» EXTRACTED ENTRIES:
----------------------------------------
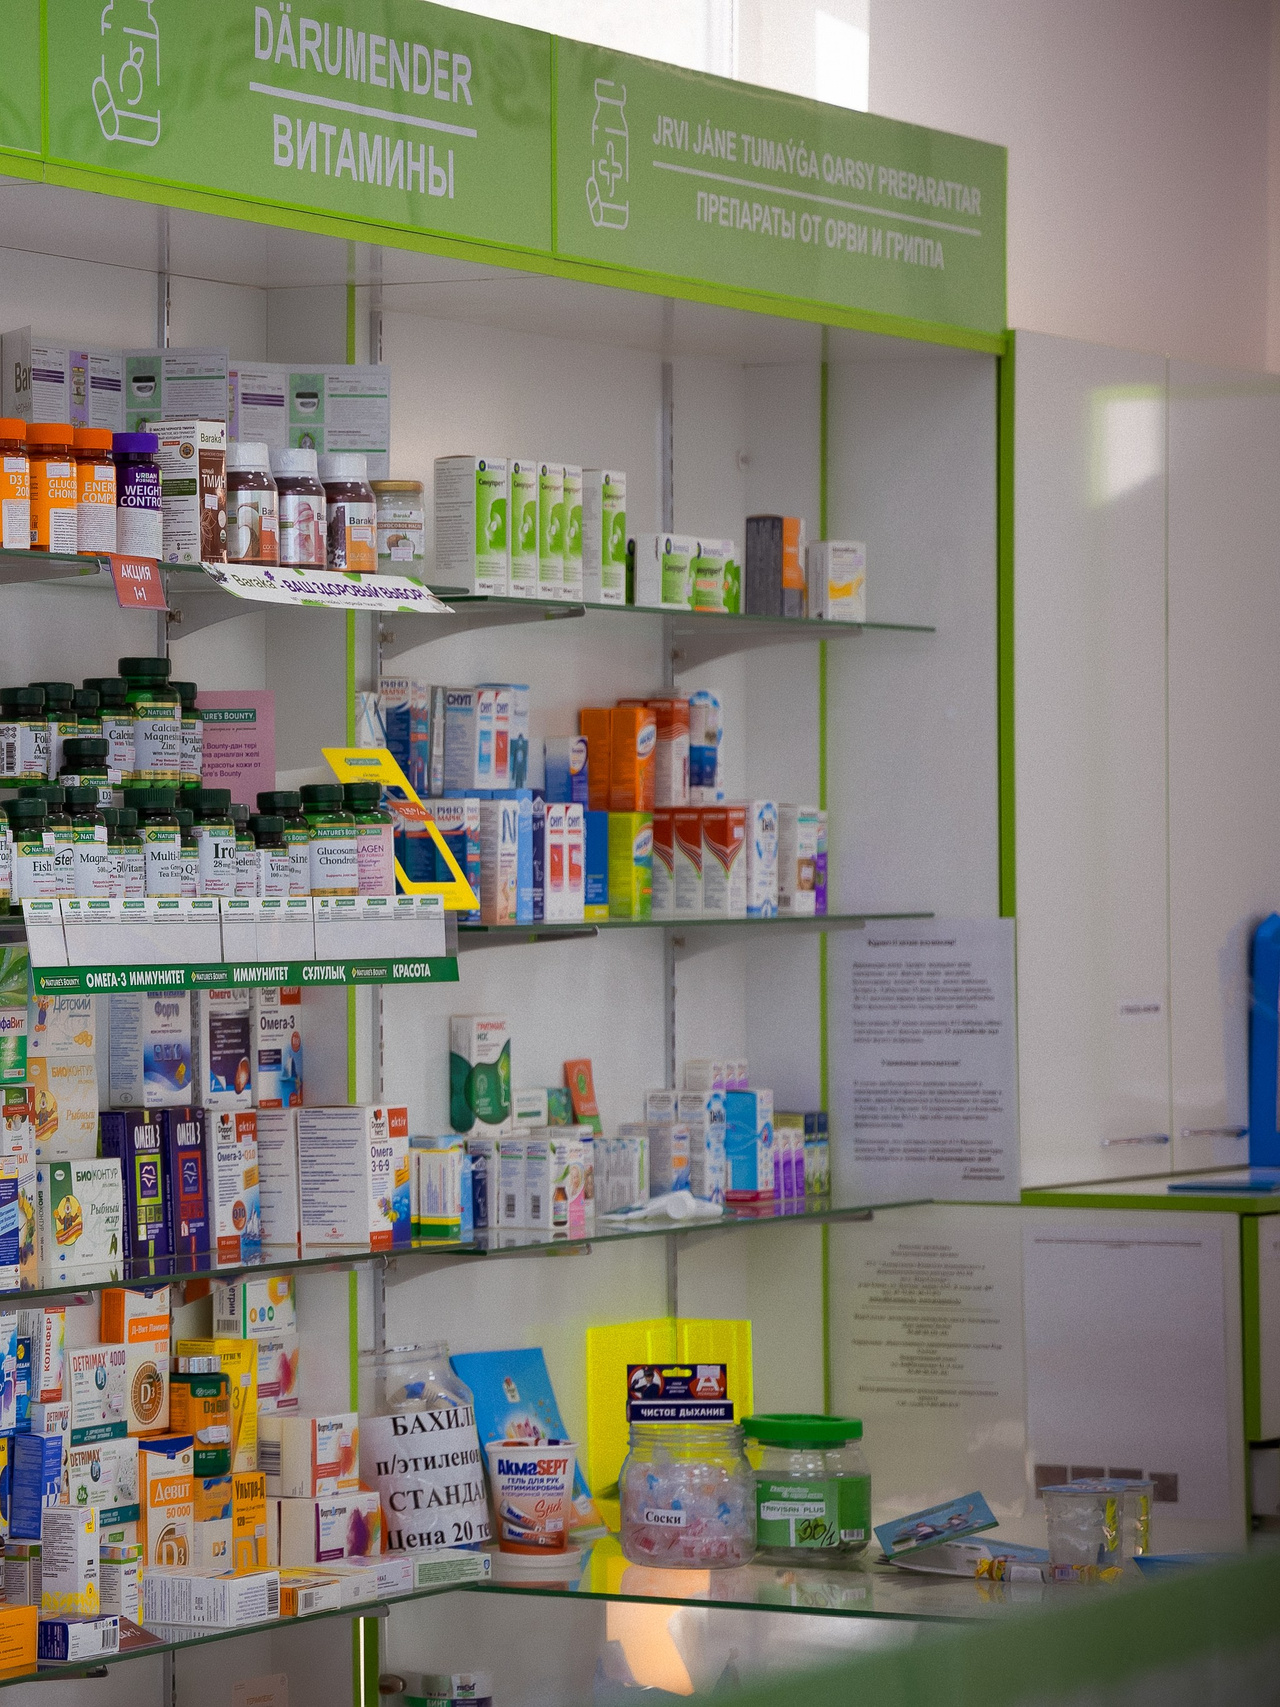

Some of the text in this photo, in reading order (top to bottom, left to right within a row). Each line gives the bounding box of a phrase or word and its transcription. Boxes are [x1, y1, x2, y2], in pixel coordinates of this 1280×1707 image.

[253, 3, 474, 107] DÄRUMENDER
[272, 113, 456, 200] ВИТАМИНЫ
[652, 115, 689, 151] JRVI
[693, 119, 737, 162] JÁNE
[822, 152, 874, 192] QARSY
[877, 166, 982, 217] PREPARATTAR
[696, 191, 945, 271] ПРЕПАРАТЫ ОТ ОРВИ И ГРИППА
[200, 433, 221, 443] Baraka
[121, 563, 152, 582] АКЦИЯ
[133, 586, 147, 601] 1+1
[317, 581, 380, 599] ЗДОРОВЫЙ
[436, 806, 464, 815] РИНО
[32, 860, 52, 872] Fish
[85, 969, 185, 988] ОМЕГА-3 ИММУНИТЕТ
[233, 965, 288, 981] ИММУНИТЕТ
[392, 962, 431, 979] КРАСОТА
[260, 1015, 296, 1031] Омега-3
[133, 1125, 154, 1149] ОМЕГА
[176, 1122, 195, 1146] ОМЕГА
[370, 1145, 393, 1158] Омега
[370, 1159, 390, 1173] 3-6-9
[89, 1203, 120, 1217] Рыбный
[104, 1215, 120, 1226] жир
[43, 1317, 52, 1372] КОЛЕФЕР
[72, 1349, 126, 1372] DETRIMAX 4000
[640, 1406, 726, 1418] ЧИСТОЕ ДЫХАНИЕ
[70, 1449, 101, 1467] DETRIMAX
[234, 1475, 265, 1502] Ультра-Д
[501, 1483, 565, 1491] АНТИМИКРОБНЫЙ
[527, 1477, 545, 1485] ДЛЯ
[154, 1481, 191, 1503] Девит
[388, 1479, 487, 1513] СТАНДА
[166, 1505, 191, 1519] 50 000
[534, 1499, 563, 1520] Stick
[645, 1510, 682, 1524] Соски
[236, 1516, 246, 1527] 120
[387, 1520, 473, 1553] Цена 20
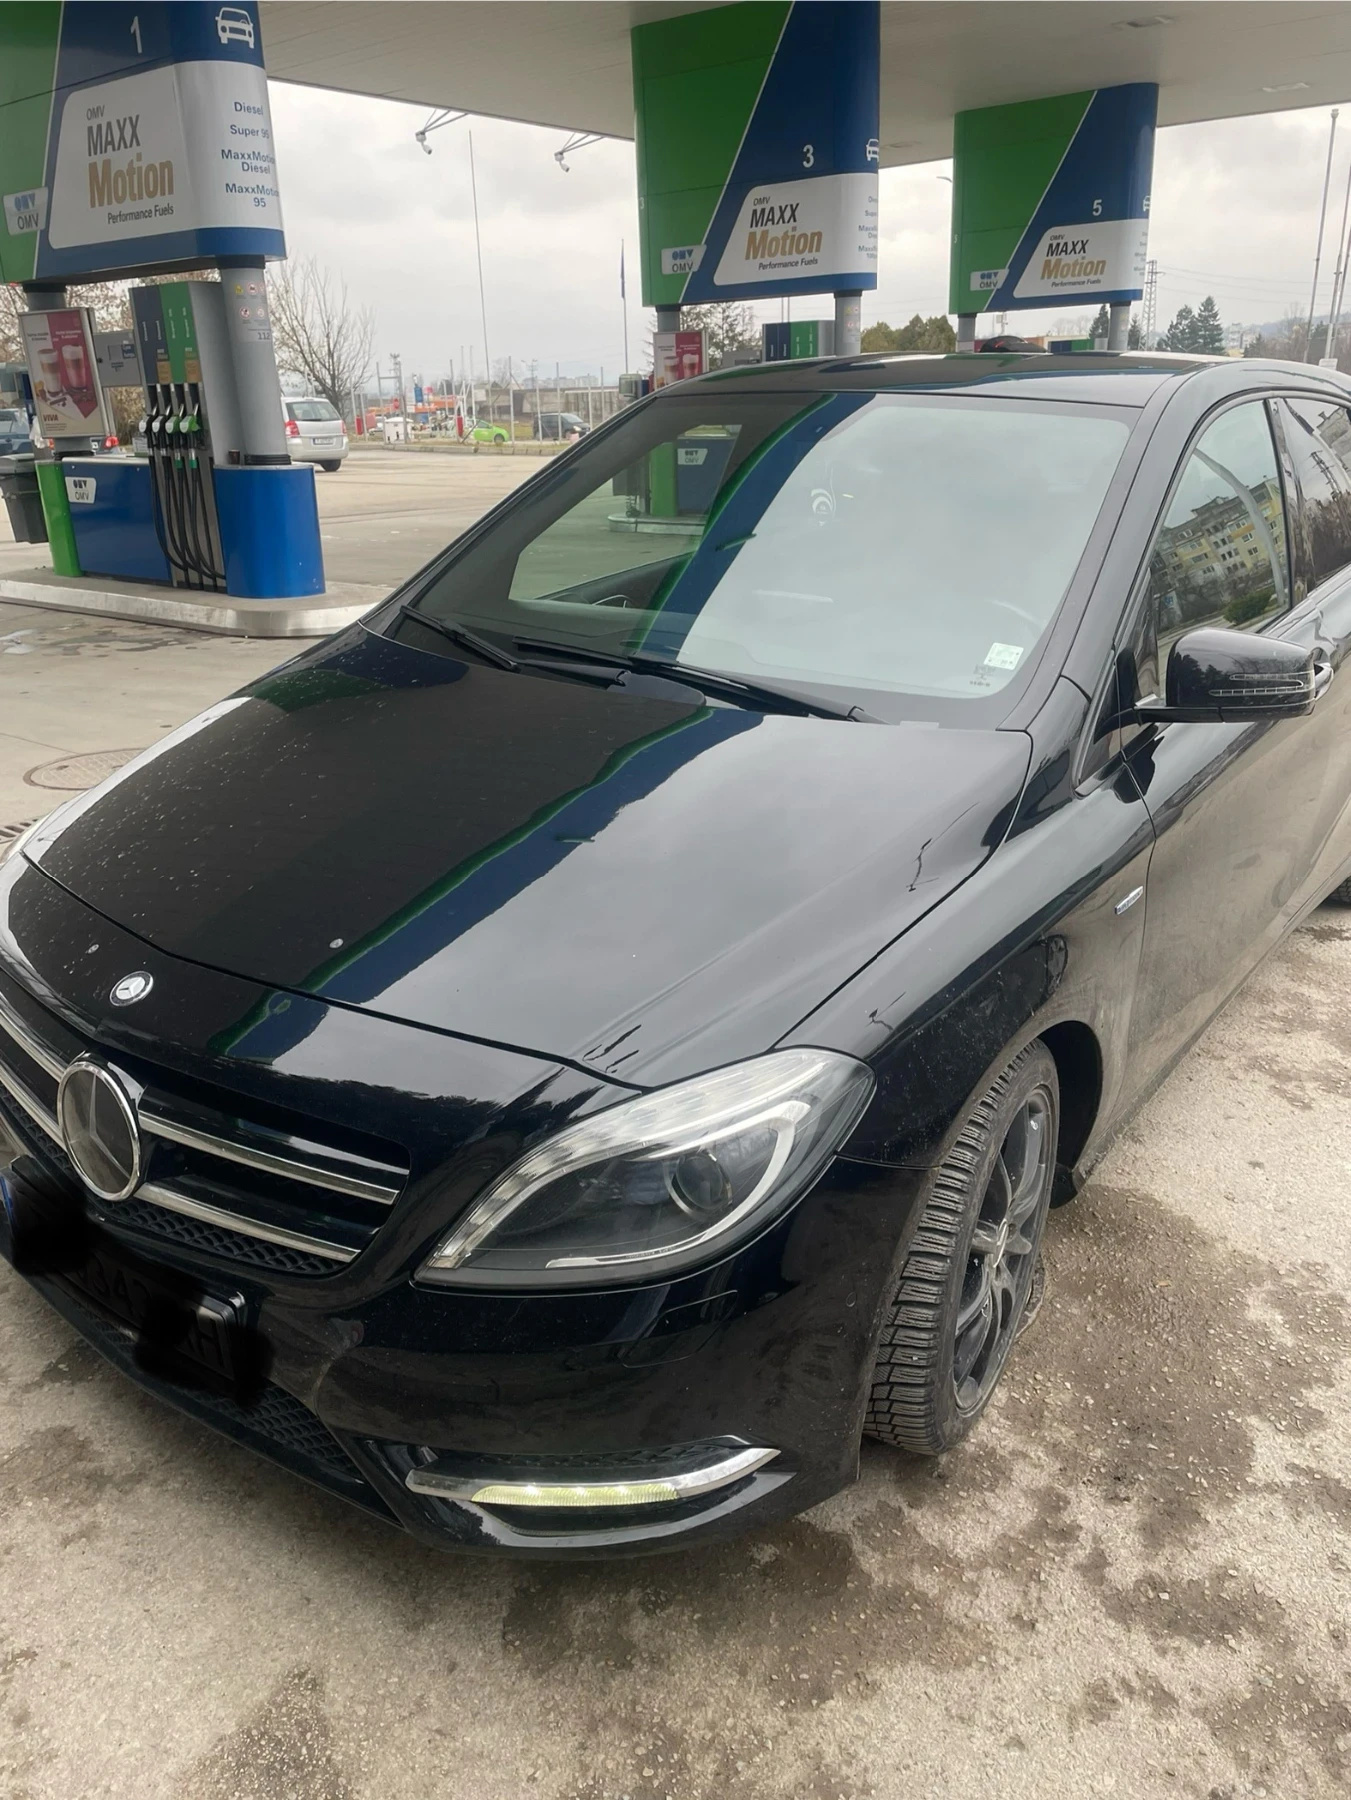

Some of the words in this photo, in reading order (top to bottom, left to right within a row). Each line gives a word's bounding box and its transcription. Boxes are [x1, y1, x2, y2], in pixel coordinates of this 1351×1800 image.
----------------------------------------
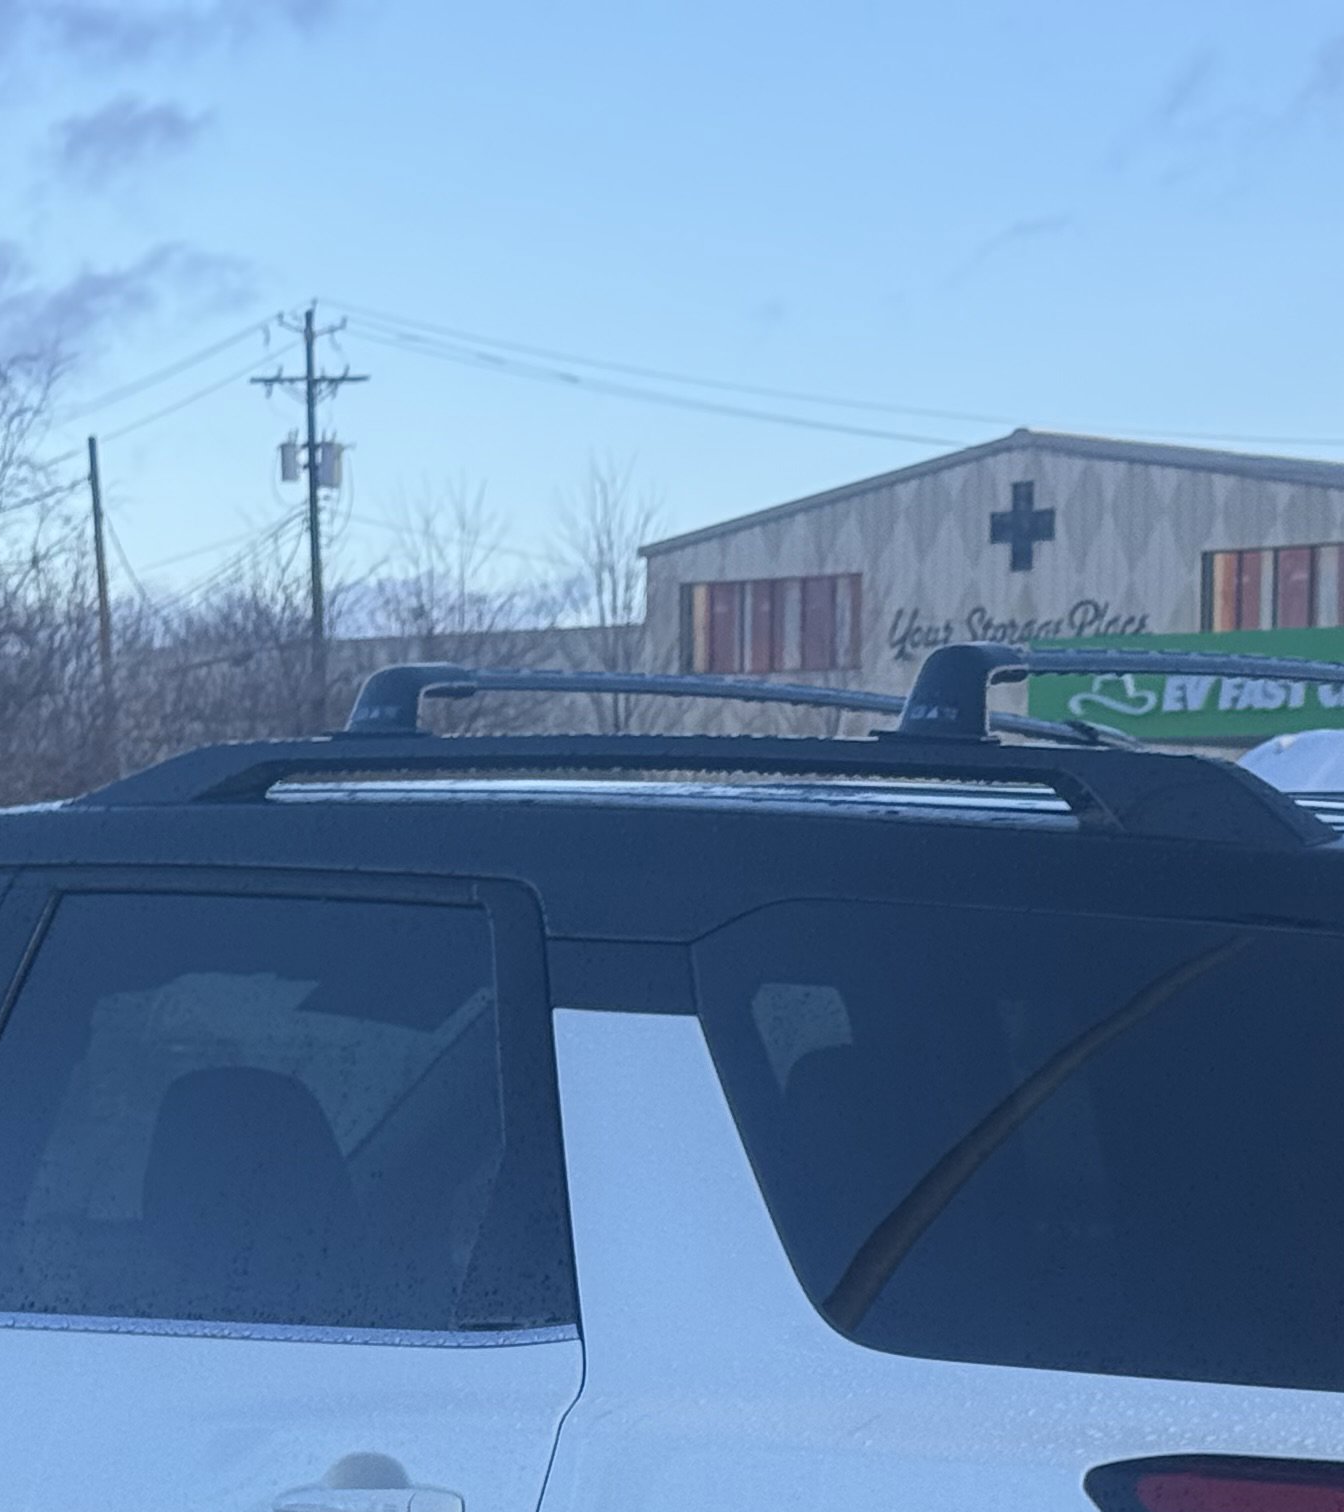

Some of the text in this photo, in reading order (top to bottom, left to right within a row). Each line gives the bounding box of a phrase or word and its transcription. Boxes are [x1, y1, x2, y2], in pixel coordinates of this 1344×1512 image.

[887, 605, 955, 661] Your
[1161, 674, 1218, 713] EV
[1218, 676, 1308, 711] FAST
----------------------------------------
» WORK TO BE COMPLETED: From the records above, extract the lines from the one holding "this 1280×1707 image." through the one holding "Some of the words", word for word; omit the pictures.

» REPLY:
Some of the text in this photo, in reading order (top to bottom, left to right within a row). Each line gives the bounding box of a phrase or word and its transcription. Boxes are [x1, y1, x2, y2], in pixel coordinates of this 1280×1707 image.

[253, 3, 474, 107] DÄRUMENDER
[272, 113, 456, 200] ВИТАМИНЫ
[652, 115, 689, 151] JRVI
[693, 119, 737, 162] JÁNE
[822, 152, 874, 192] QARSY
[877, 166, 982, 217] PREPARATTAR
[696, 191, 945, 271] ПРЕПАРАТЫ ОТ ОРВИ И ГРИППА
[200, 433, 221, 443] Baraka
[121, 563, 152, 582] АКЦИЯ
[133, 586, 147, 601] 1+1
[317, 581, 380, 599] ЗДОРОВЫЙ
[436, 806, 464, 815] РИНО
[32, 860, 52, 872] Fish
[85, 969, 185, 988] ОМЕГА-3 ИММУНИТЕТ
[233, 965, 288, 981] ИММУНИТЕТ
[392, 962, 431, 979] КРАСОТА
[260, 1015, 296, 1031] Омега-3
[133, 1125, 154, 1149] ОМЕГА
[176, 1122, 195, 1146] ОМЕГА
[370, 1145, 393, 1158] Омега
[370, 1159, 390, 1173] 3-6-9
[89, 1203, 120, 1217] Рыбный
[104, 1215, 120, 1226] жир
[43, 1317, 52, 1372] КОЛЕФЕР
[72, 1349, 126, 1372] DETRIMAX 4000
[640, 1406, 726, 1418] ЧИСТОЕ ДЫХАНИЕ
[70, 1449, 101, 1467] DETRIMAX
[234, 1475, 265, 1502] Ультра-Д
[501, 1483, 565, 1491] АНТИМИКРОБНЫЙ
[527, 1477, 545, 1485] ДЛЯ
[154, 1481, 191, 1503] Девит
[388, 1479, 487, 1513] СТАНДА
[166, 1505, 191, 1519] 50 000
[534, 1499, 563, 1520] Stick
[645, 1510, 682, 1524] Соски
[236, 1516, 246, 1527] 120
[387, 1520, 473, 1553] Цена 20

Some of the words in this photo, in reading order (top to bottom, left to right within a row). Each line gives a word's bounding box and its transcription. Boxes are [x1, y1, x2, y2], in pixel coordinates of this 1351×1800 image.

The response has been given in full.